Directions:
Only the lines below from the one that contains "Some of the text" through the one that contains "this 1280×1280 image." should appear in your answer, exact and without pictures.

*** Opening of Record set ***

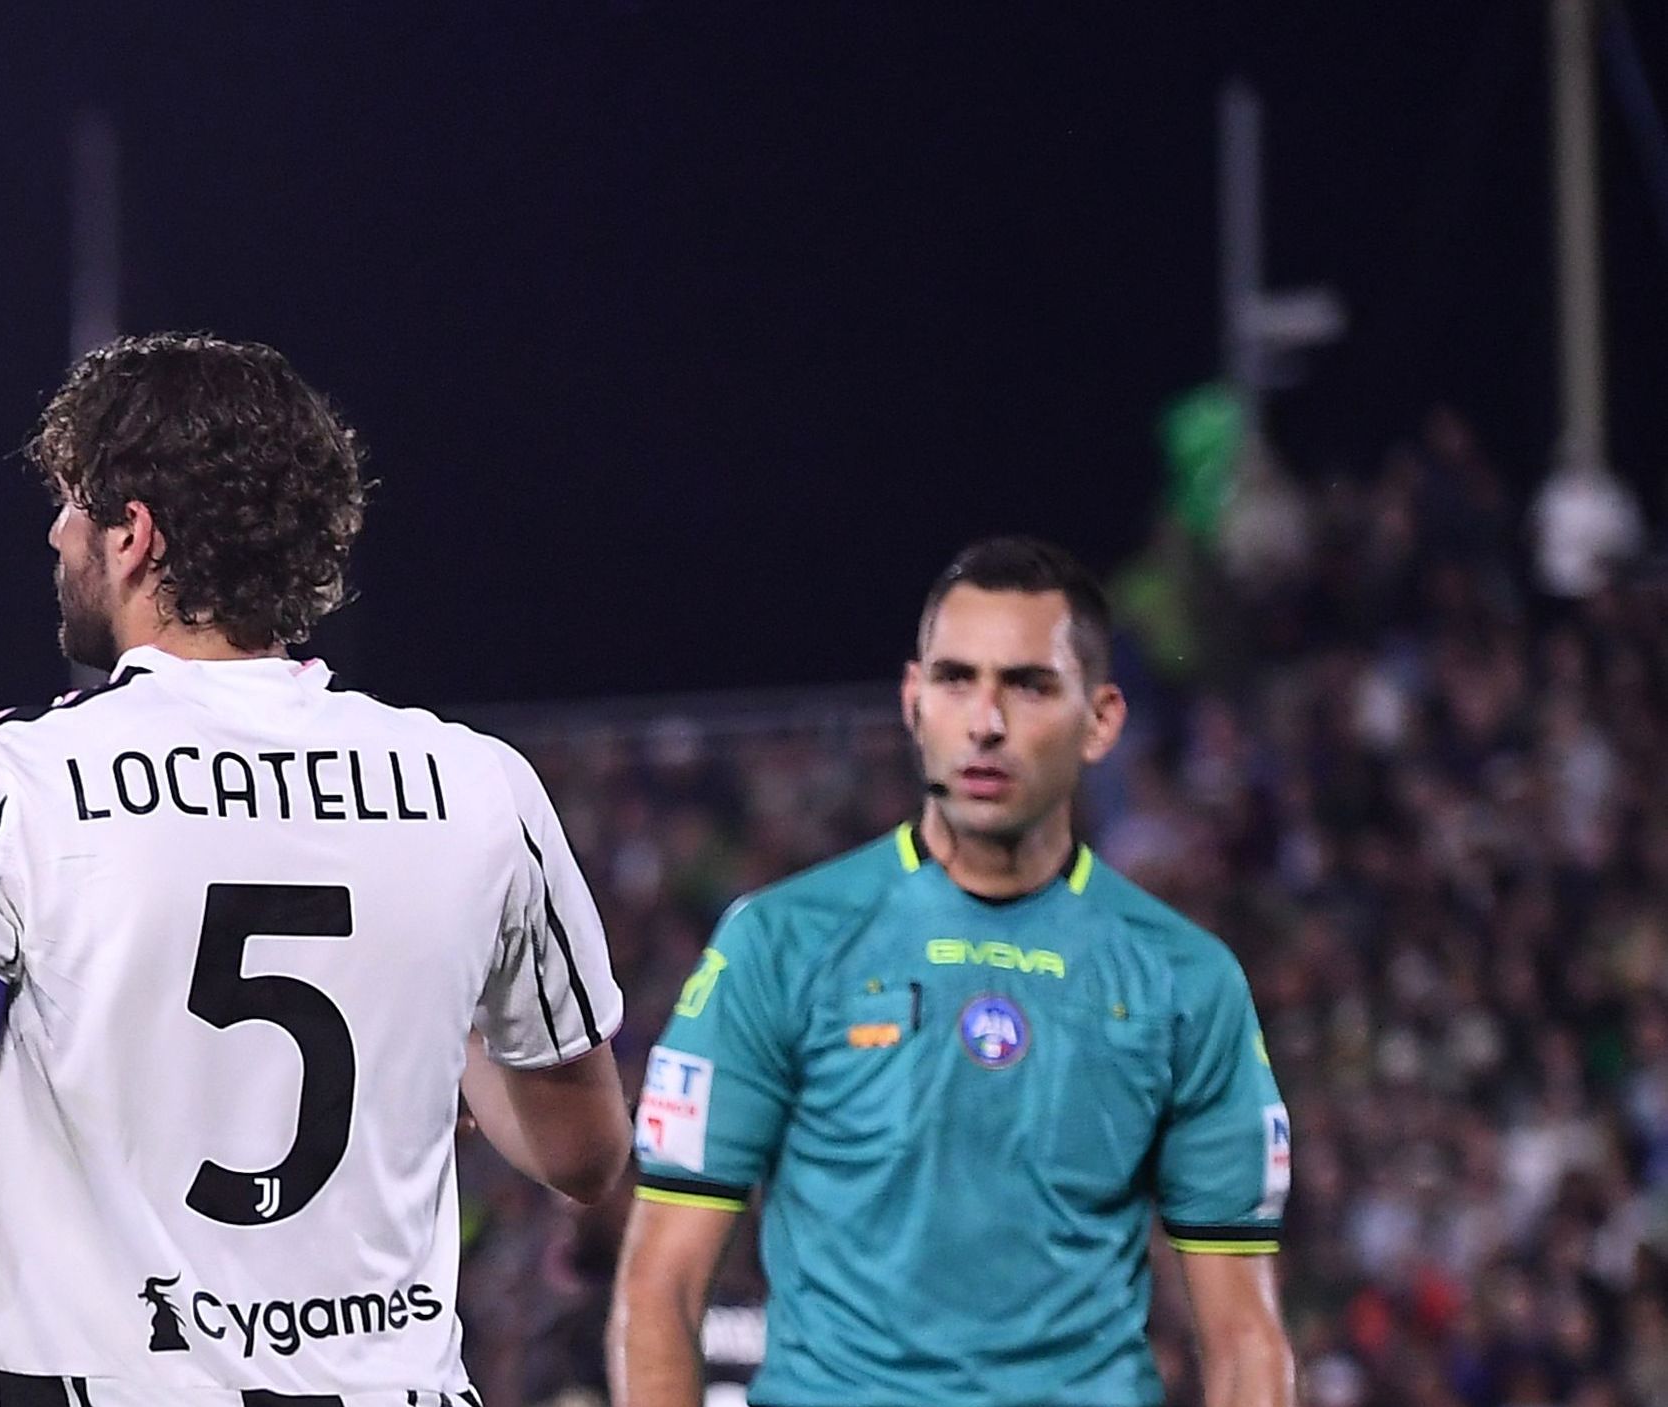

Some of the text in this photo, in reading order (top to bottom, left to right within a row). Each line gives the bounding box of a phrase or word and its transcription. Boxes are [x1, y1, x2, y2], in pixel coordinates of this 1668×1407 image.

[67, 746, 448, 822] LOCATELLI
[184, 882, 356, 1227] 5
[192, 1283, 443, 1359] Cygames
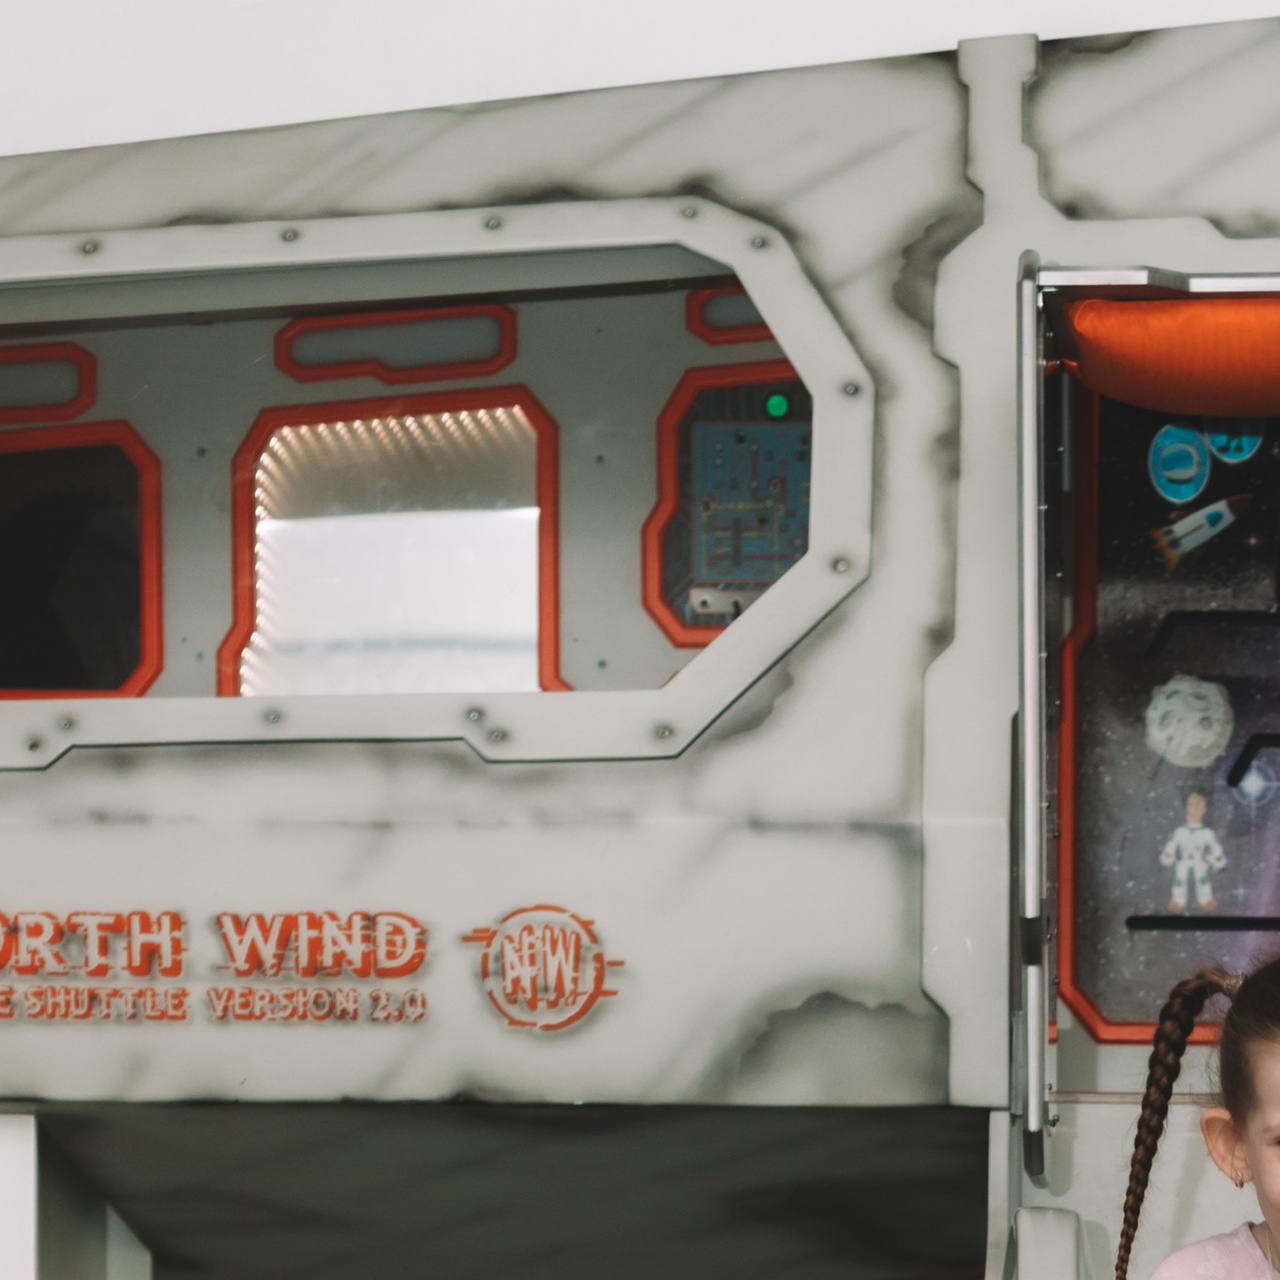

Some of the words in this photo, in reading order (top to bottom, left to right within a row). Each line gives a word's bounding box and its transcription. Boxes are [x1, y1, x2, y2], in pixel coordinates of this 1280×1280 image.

*** Close of Record set ***
*** Opening of Record set ***

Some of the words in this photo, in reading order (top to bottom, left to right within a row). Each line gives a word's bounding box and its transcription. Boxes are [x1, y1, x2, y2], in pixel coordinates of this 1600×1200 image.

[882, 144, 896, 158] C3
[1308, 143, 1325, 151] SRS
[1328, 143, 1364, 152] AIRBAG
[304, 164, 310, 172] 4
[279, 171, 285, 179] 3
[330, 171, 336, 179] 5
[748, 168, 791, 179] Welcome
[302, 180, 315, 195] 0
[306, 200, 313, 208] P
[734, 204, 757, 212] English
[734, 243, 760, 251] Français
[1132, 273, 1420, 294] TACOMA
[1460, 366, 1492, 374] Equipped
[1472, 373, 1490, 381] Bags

*** Close of Record set ***

Task output:
Some of the text in this photo, in reading order (top to bottom, left to right within a row). Each line gives the bounding box of a phrase or word and its transcription. Boxes are [x1, y1, x2, y2], in pixel coordinates of this 1668×1407 image.

[67, 746, 448, 822] LOCATELLI
[184, 882, 356, 1227] 5
[192, 1283, 443, 1359] Cygames

Some of the words in this photo, in reading order (top to bottom, left to right within a row). Each line gives a word's bounding box and its transcription. Boxes are [x1, y1, x2, y2], in pixel coordinates of this 1280×1280 image.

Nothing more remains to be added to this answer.